This is a book that most unfortunately I have only read in adulthood.
It is simply written with beautiful simplicity packed with original and creative characters and storylines which have affected every one of us. It speaks directly to children through the voice of magic and often addresses them directly as the reader actively drawing them into the book.
Like most children’s books that have stood the test of time it deals with issues of the adult world that children often find themselves in the midst of. I think that’s where this book holds its secret as it allow children to confront and deal with them in an abstract manner without the confrontation and failing input of the grown ups around them.
Everyone can remember that reluctance to grow up and the uncertainty of what might lie ahead and who you may become, but few are able to put it so eloquently, poetically but massively accessibly into words.

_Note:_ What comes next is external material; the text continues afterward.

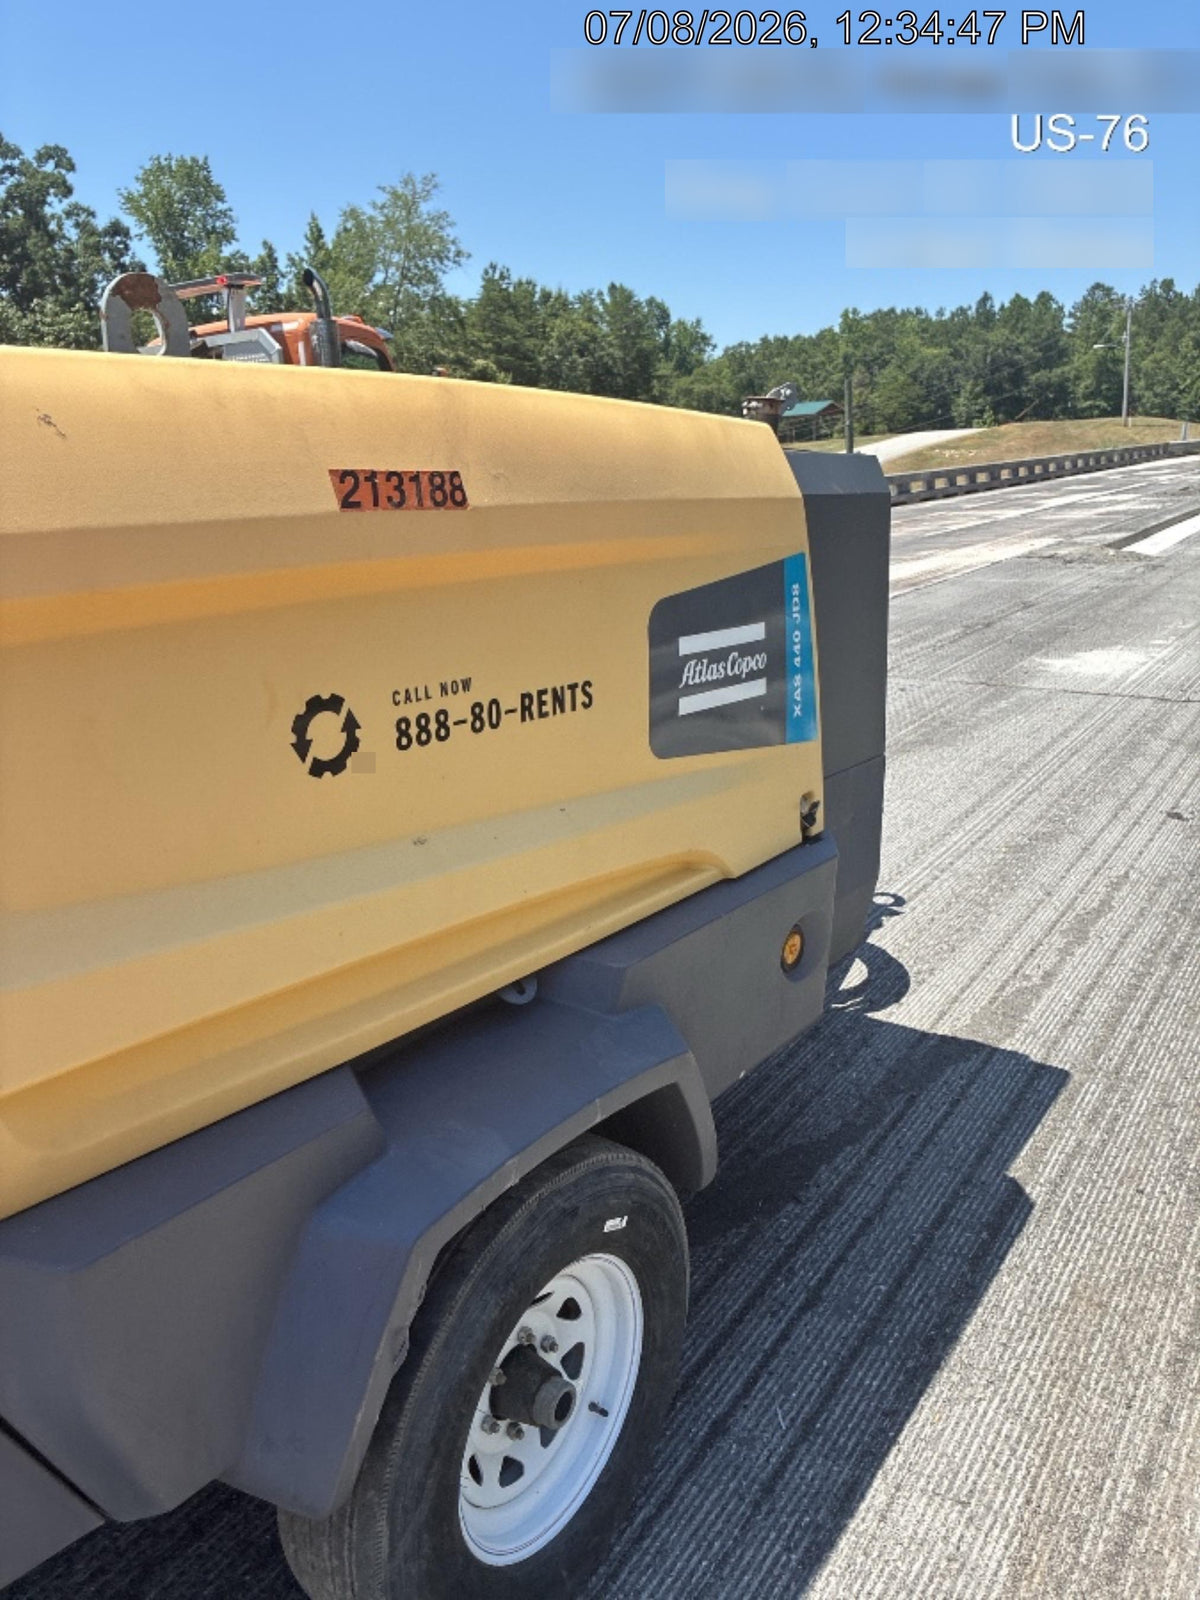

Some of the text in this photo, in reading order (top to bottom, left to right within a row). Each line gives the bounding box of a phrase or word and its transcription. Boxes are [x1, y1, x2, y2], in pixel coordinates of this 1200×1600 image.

This material for this book was always rambling around in J. M. Barrie’s head. Based on the loss of his idolised brother as a child and the crushing effects it impressed on him and his family. Barrie was able to draw on real relationships with people he knew and his own and others experiences and weave them together seamlessly into a dense blanket of fantasy. Many have suggested this is where he really lived and how he saw the world.
As an adult reading you can feel his pain and concern for all children dealing with loss and faced with responsibilities they are not yet ready for.
Each character has their own battle to face in the book and trial to overcome. Yet the tone is never downbeat or hopeless and the magical element always offers a light, a way out guiding the cast through to maturity.